And then I started doing it.

/usr/local/bin/replicate

replicate.tar.gz

I’m urging everyone to go through the code and see for yourselves how it looks and what it does. This is perhaps my second or third bigger script so I’m sure there are lots that could be done to make the code cleaner and more effective, but it does what it’s supposed to. Nothing more, nothing less, and I’m happy with that, for now

I have of course tested everything and it has worked flawlessly for me. All the same, I want as many people as possible testing this to find out anything in hiding.

I have about seven incremental remote jobs active right now, varying in size and amount of filesystems. Time from start to finish is about 5mins.

I you have lots of different machines with FreeBSD and ZFS, this will make your backuping alot easier.

/Sebulon


----------



## jake (Jan 24, 2012)

Looks pretty cool from a quick glance through the script 

Will see if I can find some time to test it, something like this would be very useful, since moving to ZFS I have been hacking my backup scripts like crazy. Are you planning on porting it?
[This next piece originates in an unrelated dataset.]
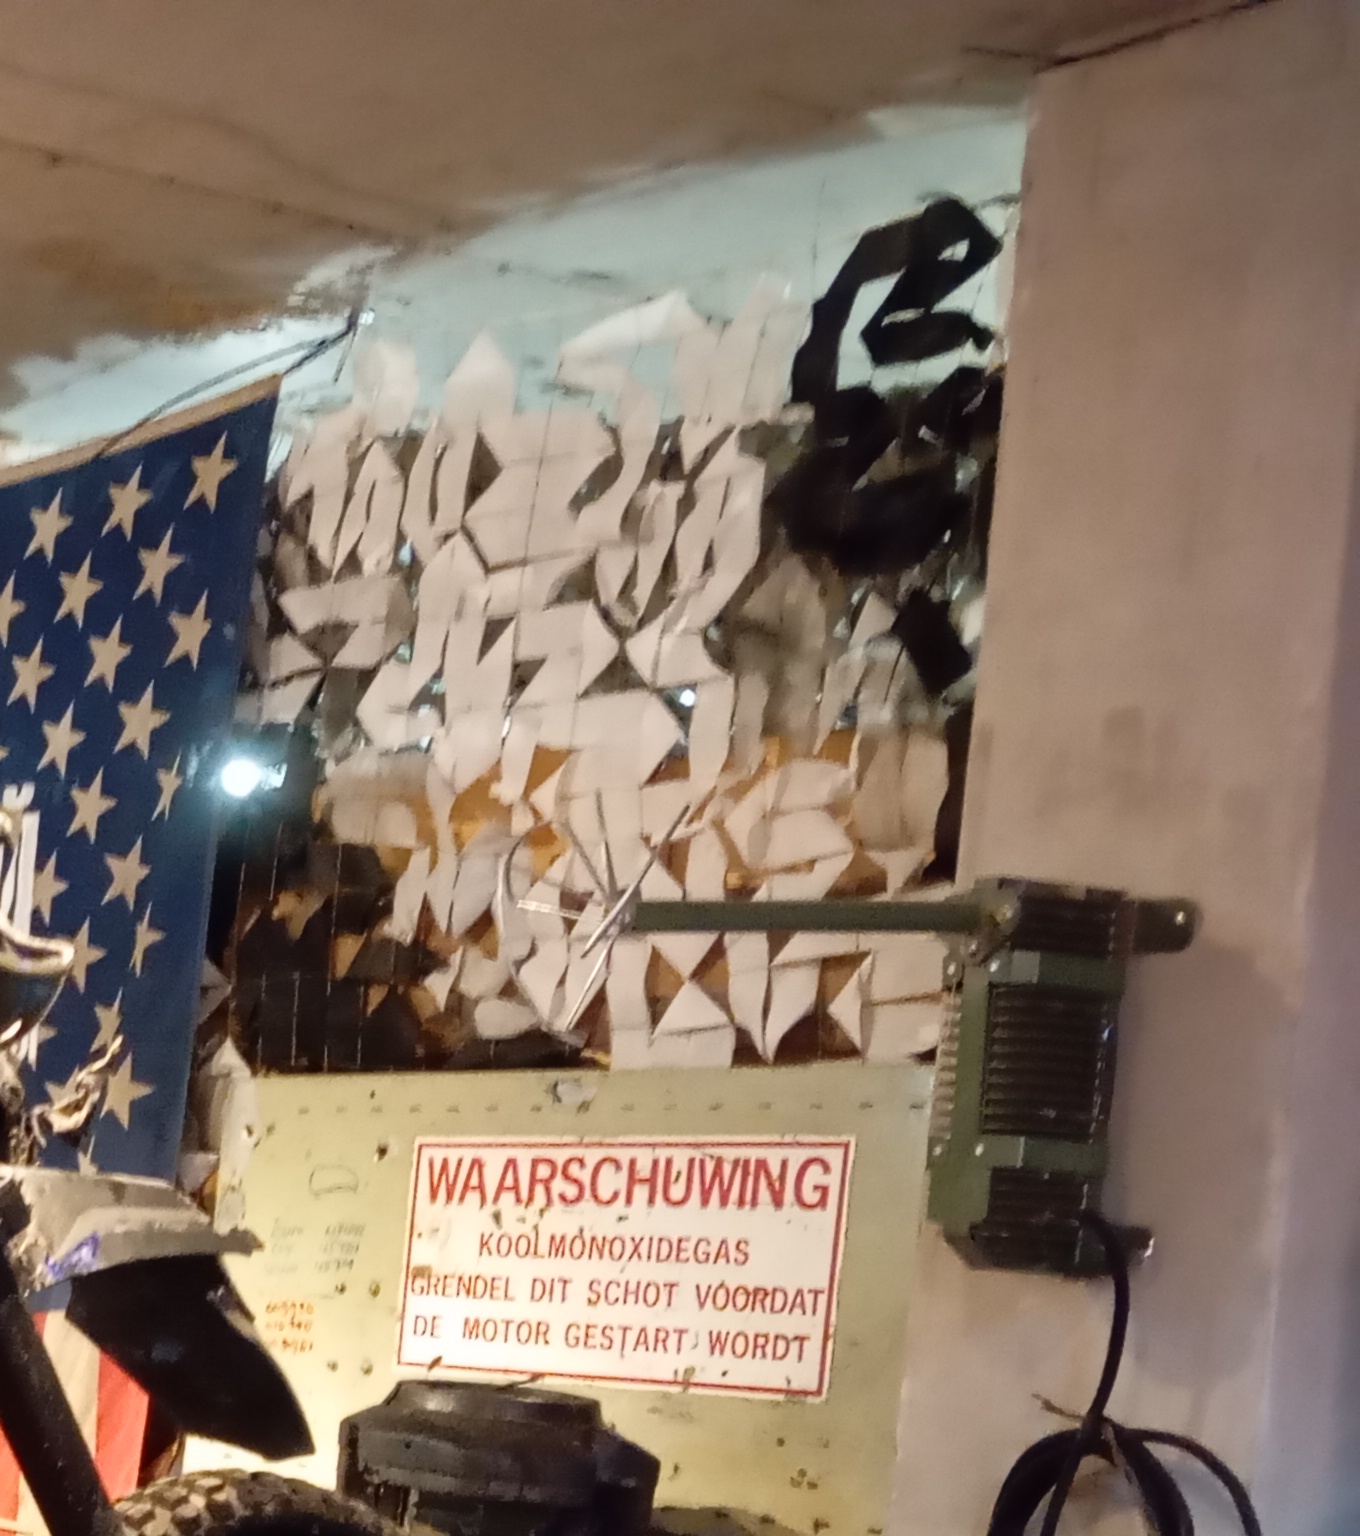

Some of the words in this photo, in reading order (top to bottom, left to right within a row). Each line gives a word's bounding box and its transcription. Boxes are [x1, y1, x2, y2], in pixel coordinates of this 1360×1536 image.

How do you handle backing up a full ZFS system? I tried this back on the v15 days but had a bit of a problem with the ZFS mount points. Backing up the FreeBSD ZFS root file system would mean the receiving backup server would keep a mount point of '/', needing some quick zfs sets to change mount points once received. Still risky though as if the backup machine rebooted or auto mounted the received snapshot before this could be changed it would mount over '/' and not boot/break. Do you know if in v28 there is a way to set altroot on target server?


----------



## Sebulon (Jan 25, 2012)

jake

I’m glad you like it! And it would be nice to port it...if I knew how And it would also probably be best to test it a longer period of time "in the real world" before you make it broadly available like that.
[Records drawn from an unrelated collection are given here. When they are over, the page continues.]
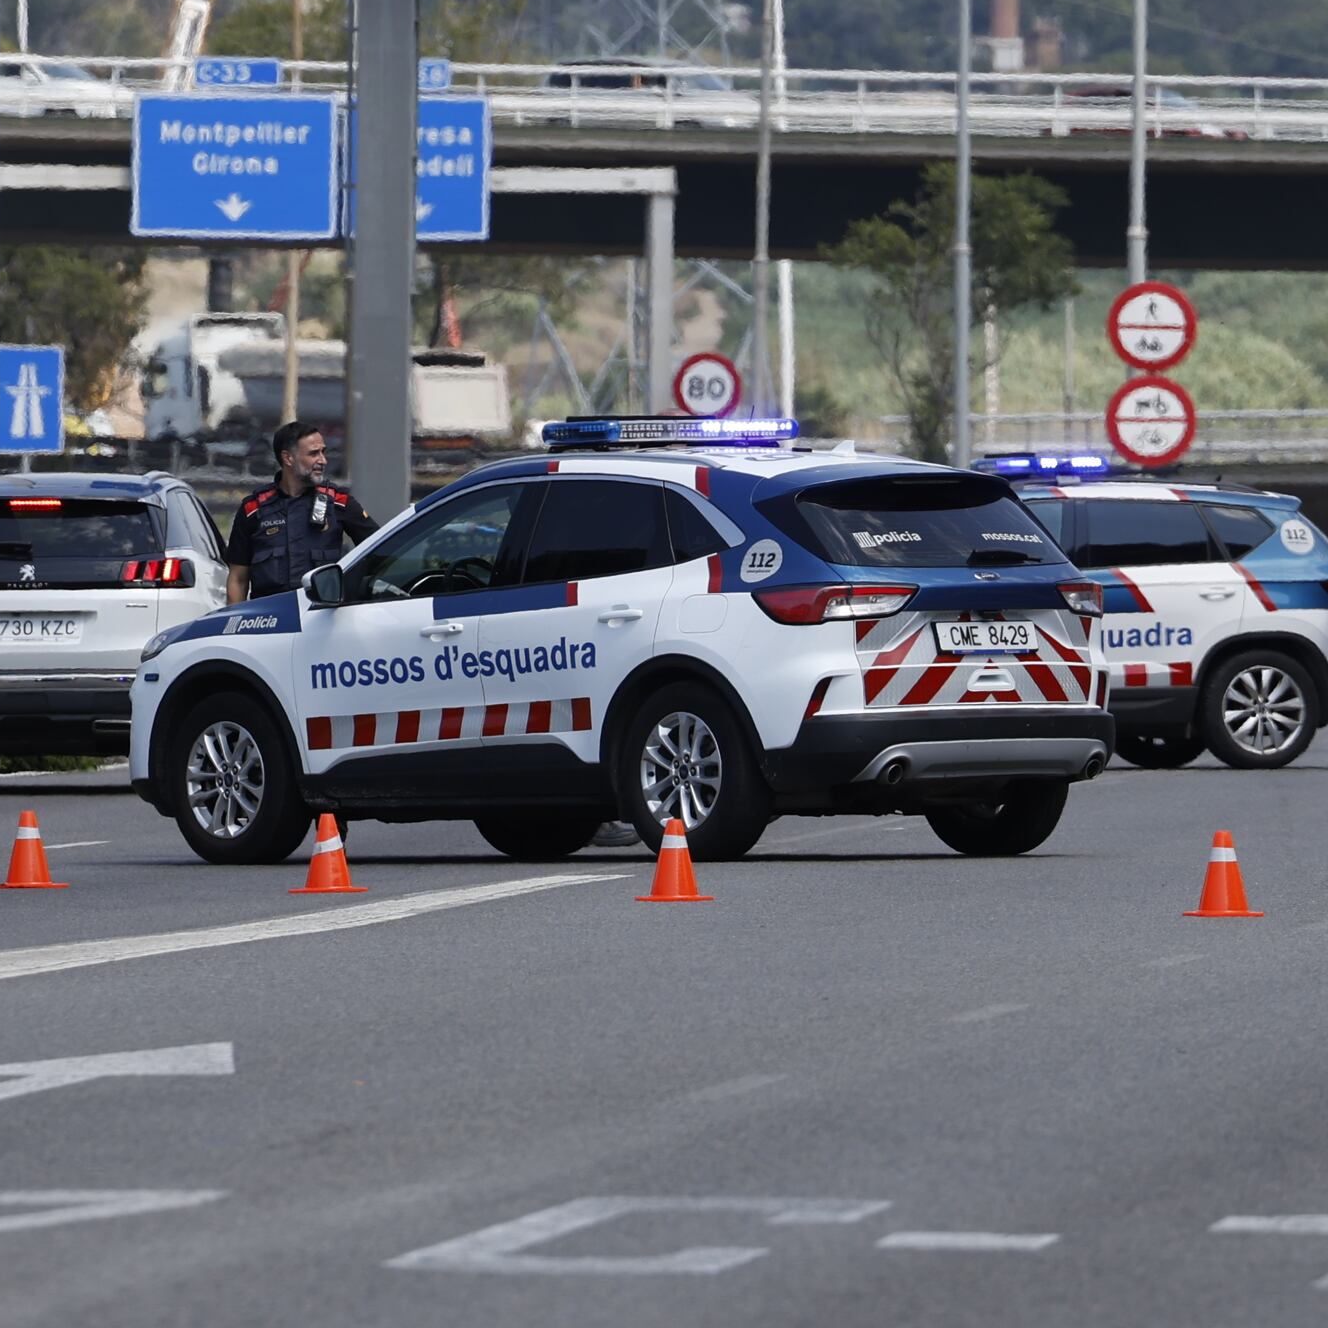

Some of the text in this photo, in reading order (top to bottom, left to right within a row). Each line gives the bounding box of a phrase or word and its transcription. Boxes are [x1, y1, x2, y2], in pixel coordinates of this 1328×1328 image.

[159, 120, 312, 147] Montpellier
[417, 127, 472, 145] resa
[191, 153, 279, 176] Girona
[688, 376, 726, 401] 80
[874, 530, 923, 546] policia
[981, 531, 1044, 544] mossos.cat
[749, 552, 776, 568] 112
[40, 620, 76, 636] KZC
[237, 615, 278, 633] policia
[950, 625, 1029, 647] CME 8429
[1101, 622, 1192, 653] uadra
[311, 656, 425, 689] mossos
> I tried this back on the v15 days but had a bit of a problem with the ZFS mount points.


I thought about that problem beforehand and using only mountpoint=legacy toghether with /etc/fstab, so I don’t have to worry about stuff like that. I really don’t like when applications make assumptions about how to define their reality

/Sebulon


----------



## jake (Jan 25, 2012)

Ah ok, yeah I can see how legacy would be a big advantage here, will have to do some thinking about my setups 

If you get to the stage that you would like to port this I would be happy to help, just drop me a line.


----------



## Sebulon (Jan 25, 2012)

@jake

That is very kind of you! Thank you, I will!

/Sebulon


----------



## jalla (Jan 26, 2012)

I haven't studied your script in any detail, but one quick comment.

Don't write directly to /var/log/messages (*echo blahblah >> /var/log/messages*).
Use logger(1)() and possibly see syslog.conf(5)() on how to direct logging where you want it.


----------



## Sebulon (Jan 26, 2012)

@jalla

Sure, I can do that. Would you mind explaining why?

/Sebulon


----------



## jalla (Jan 28, 2012)

/var/log/messages is a standard system log handled by syslogd. It's bad practise to have different processes write to the same file at the same time. In addition syslogd logs messages uniformly with proper timestamps.

If you insist on the ad-hoc method of echoing logmessages you should at least use a separate file.


----------



## Sebulon (Feb 6, 2012)

jalla

I only asked because I didn’t know and I wanted to learn.


> /var/log/messages is a standard system log handled by syslogd. It's bad practise to have different processes write to the same file at the same time. In addition syslogd logs messages uniformly with proper timestamps.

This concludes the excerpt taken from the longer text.